For these configuration settings, switches are available. To customize the switches, change the .ini file template before creating an index.

The .ini file template is stored in sqllib/db2ext/cteixcfg.ini. As you can also make changes to most of the values in this template file using the CREATE INDEX command, it is recommended that you only change the following values:
AccentRemoval	(for character normalization)
UmlautNormalization (for character normalization)
TreatNumberAsWords (for treating numeric characters as part of the word)
AdditionalAlphanumCharacters	(for using specific characters as part of a word)
AccentRemoval
This parameter specifies if accented characters are normalized to the matching simple character. For example, événement is also indexed as evenement. The default is true.
UmlautNormalization
This parameter specifies if an umlaut character is also indexed as two characters with the same meaning. For example, 'Übersee' is also indexed as 'Uebersee'. The default is true.
TreatNumbersAsWords
This parameter specifies if numeric characters next to a word are part of the word. For example, 'DT9' is treated as one word and not as one word 'DT' and the number '9'.
AdditionalAlphanumCharacters
The string value of this parameter defines which characters are treated as part of a word. The string of special characters must be a sequence of one or more characters in UTF-8. The default string contains the characters "/-@".

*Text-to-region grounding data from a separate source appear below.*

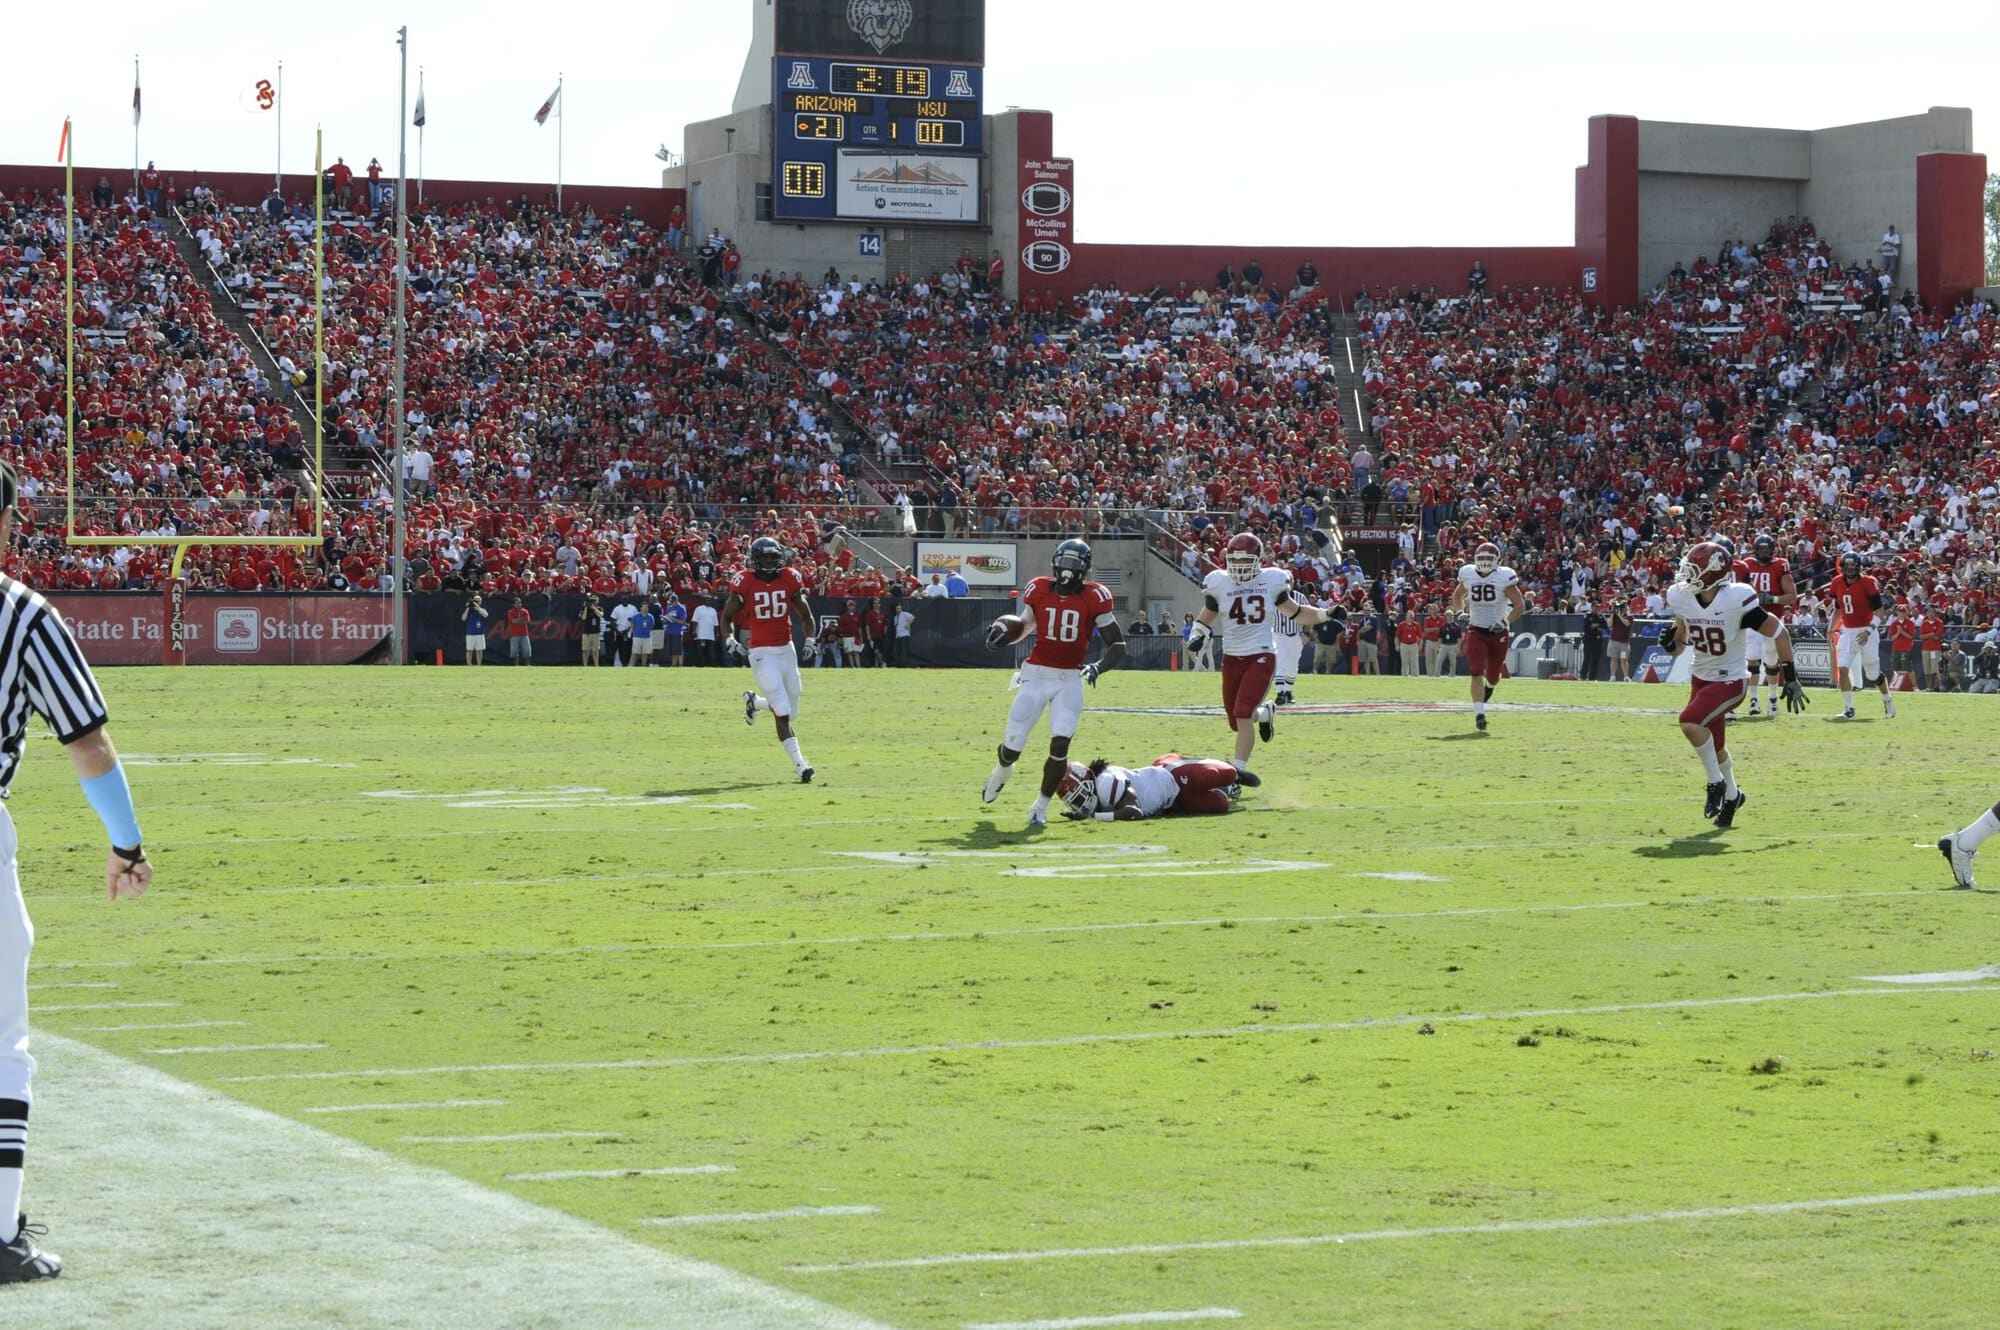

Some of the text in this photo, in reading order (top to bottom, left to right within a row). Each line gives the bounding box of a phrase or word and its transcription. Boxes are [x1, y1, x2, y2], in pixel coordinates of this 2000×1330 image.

[856, 67, 927, 95] 2:19
[795, 95, 857, 113] ARIZONA
[917, 102, 948, 117] WSU
[815, 117, 841, 138] 21
[890, 122, 897, 139] 1
[918, 122, 944, 143] 00
[1025, 160, 1072, 170] John "Button"
[785, 164, 823, 195] 00
[1034, 170, 1059, 179] Salmon
[1026, 219, 1067, 228] McCollins
[1034, 229, 1059, 238] Umeh
[861, 237, 880, 253] 14
[1041, 254, 1053, 262] 90
[1583, 272, 1596, 289] 15
[1360, 529, 1388, 539] SECTION
[1749, 572, 1771, 593] 78
[1471, 584, 1497, 602] 96
[754, 590, 788, 619] 26
[1229, 595, 1265, 625] 43
[1842, 595, 1854, 614] 8
[171, 583, 183, 651] ARIZONA
[1045, 607, 1080, 643] 18
[263, 616, 324, 640] State
[1689, 625, 1727, 656] 28
[1648, 652, 1673, 663] Game
[1796, 653, 1813, 667] SOL

You are not allowed to use the wildcard characters % and _ in the list of characters that are treated as being part of a word. This results in problems during query execution.

If you want to change any of these configuration values, edit the .ini file before you create your index. To activate inactive switches, remove the comment marker ";" from the beginning of the line. For further information, see the cteixcfg.ini file.

You are recommended not to alter any of the other values in the .ini file.